▶ Task statement
Where a record contains an image, leave the image out and print the rest exactly.

▶ Given records

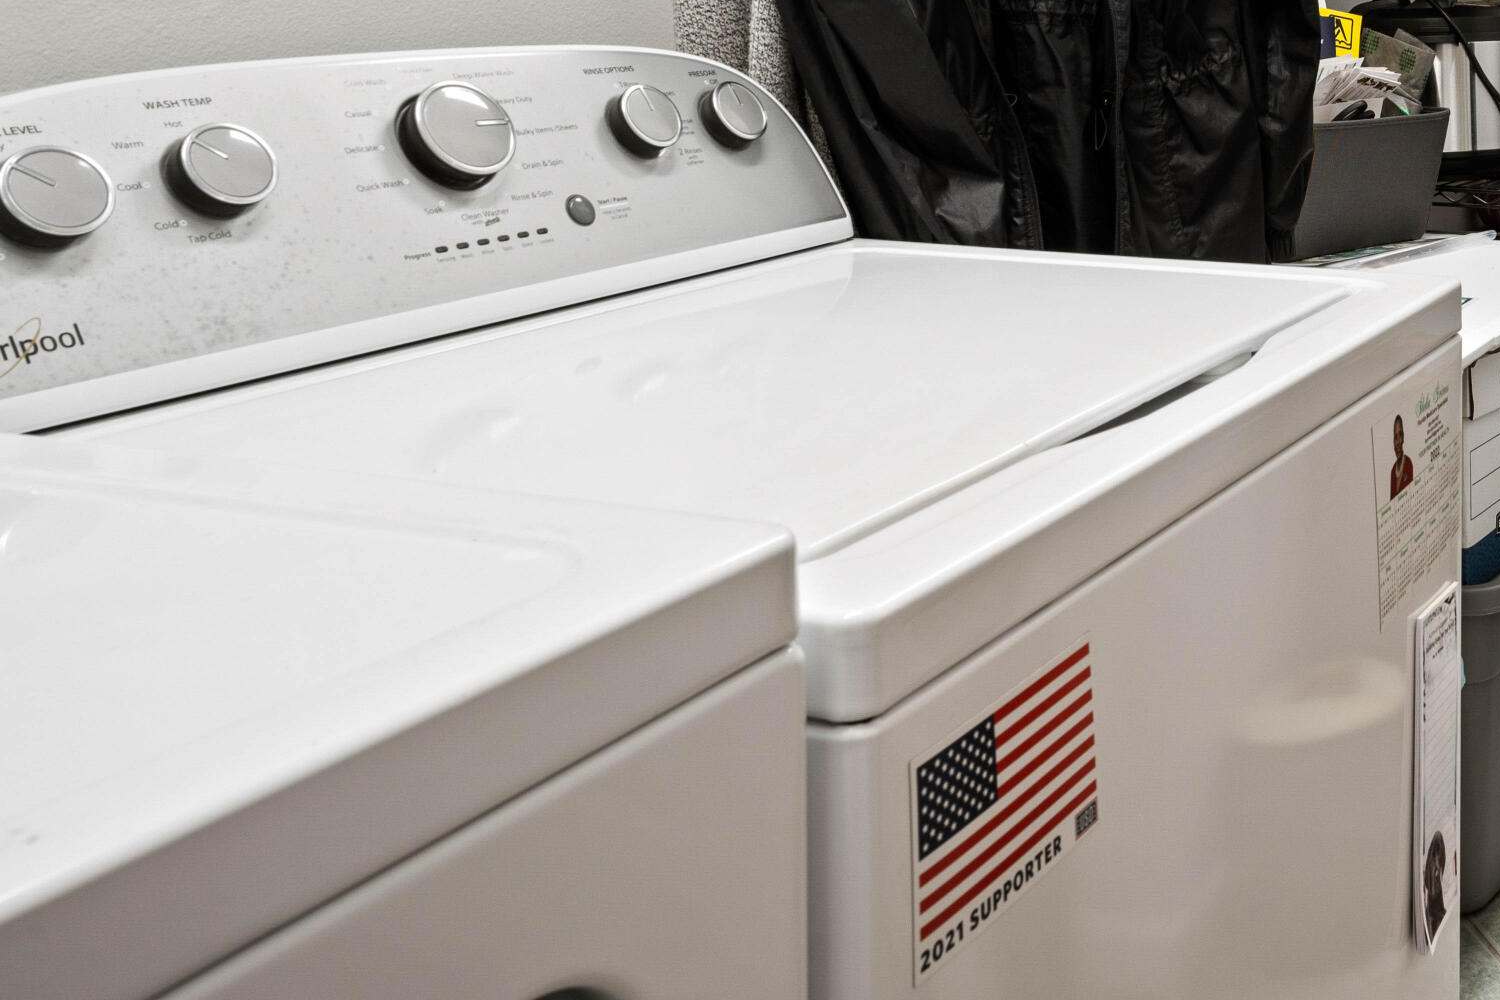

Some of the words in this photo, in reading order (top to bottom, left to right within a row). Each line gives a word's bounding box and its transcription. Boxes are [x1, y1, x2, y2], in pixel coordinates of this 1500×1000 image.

[583, 67, 604, 75] RINSE
[604, 65, 634, 74] OPTIONS
[688, 69, 716, 78] PRESOAK
[143, 99, 180, 110] WASH
[182, 96, 212, 108] TEMP
[514, 96, 533, 104] Duty
[164, 119, 183, 129] Hot
[2, 125, 43, 136] LEVEL
[112, 140, 144, 151] Warm
[522, 161, 541, 170] Drain
[550, 158, 564, 168] Spin
[116, 181, 142, 192] Cool
[355, 182, 380, 193] Quick
[381, 180, 404, 189] Wash
[511, 193, 530, 201] Rinse
[537, 190, 553, 200] Spin
[423, 206, 442, 216] Soak
[461, 211, 483, 222] Clean
[483, 207, 510, 218] Washer
[154, 219, 179, 231] Cold
[187, 233, 208, 245] Tap
[208, 229, 232, 241] Cold
[404, 251, 431, 261] Progress
[920, 921, 964, 974] 2021
[969, 835, 1062, 932] SUPPORTER

▶ Response for this exercise
Some of the words in this photo, in reading order (top to bottom, left to right within a row). Each line gives a word's bounding box and its transcription. Boxes are [x1, y1, x2, y2], in pixel coordinates of this 1500×1000 image.

[583, 67, 604, 75] RINSE
[604, 65, 634, 74] OPTIONS
[688, 69, 716, 78] PRESOAK
[143, 99, 180, 110] WASH
[182, 96, 212, 108] TEMP
[514, 96, 533, 104] Duty
[164, 119, 183, 129] Hot
[2, 125, 43, 136] LEVEL
[112, 140, 144, 151] Warm
[522, 161, 541, 170] Drain
[550, 158, 564, 168] Spin
[116, 181, 142, 192] Cool
[355, 182, 380, 193] Quick
[381, 180, 404, 189] Wash
[511, 193, 530, 201] Rinse
[537, 190, 553, 200] Spin
[423, 206, 442, 216] Soak
[461, 211, 483, 222] Clean
[483, 207, 510, 218] Washer
[154, 219, 179, 231] Cold
[187, 233, 208, 245] Tap
[208, 229, 232, 241] Cold
[404, 251, 431, 261] Progress
[920, 921, 964, 974] 2021
[969, 835, 1062, 932] SUPPORTER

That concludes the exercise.